What this task involves ▸ Restate each entry below exactly; pictures stay out of the copy.

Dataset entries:
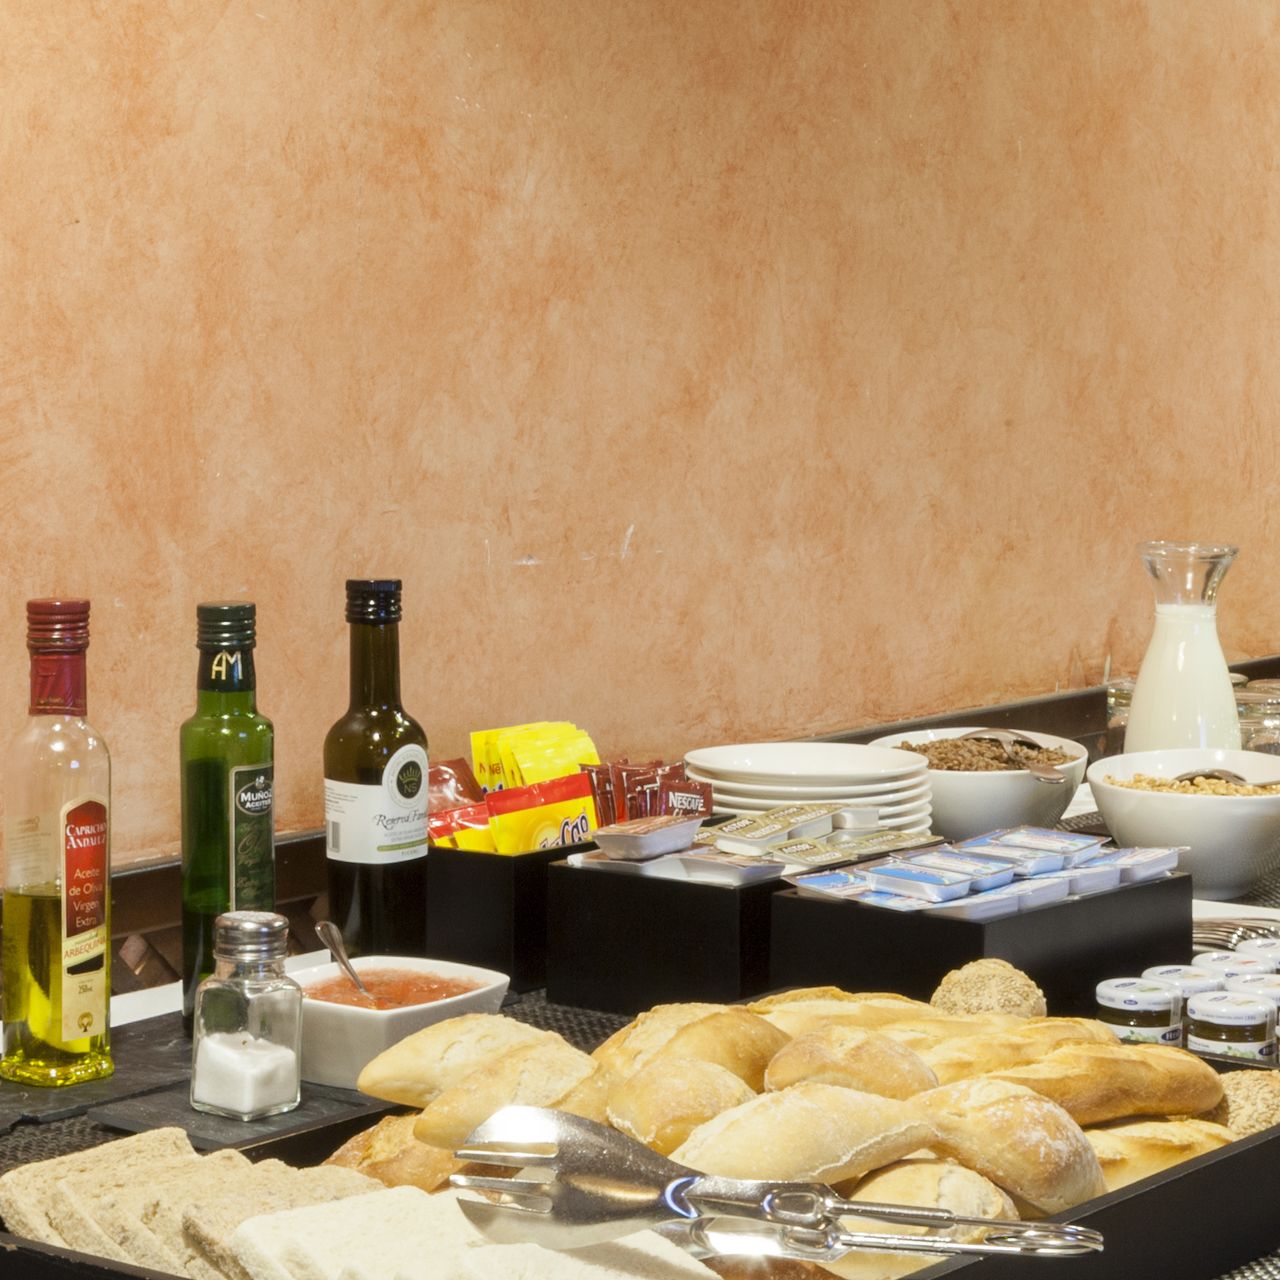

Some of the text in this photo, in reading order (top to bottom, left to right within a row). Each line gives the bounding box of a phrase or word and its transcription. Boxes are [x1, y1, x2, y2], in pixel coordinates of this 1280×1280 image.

[73, 868, 100, 879] Aceite
[68, 886, 81, 896] de
[72, 900, 100, 913] Virgen
[76, 917, 97, 928] Extra

Result of the task ▸
Some of the text in this photo, in reading order (top to bottom, left to right within a row). Each line gives the bounding box of a phrase or word and its transcription. Boxes are [x1, y1, x2, y2], in pixel coordinates of this 1280×1280 image.

[73, 868, 100, 879] Aceite
[68, 886, 81, 896] de
[72, 900, 100, 913] Virgen
[76, 917, 97, 928] Extra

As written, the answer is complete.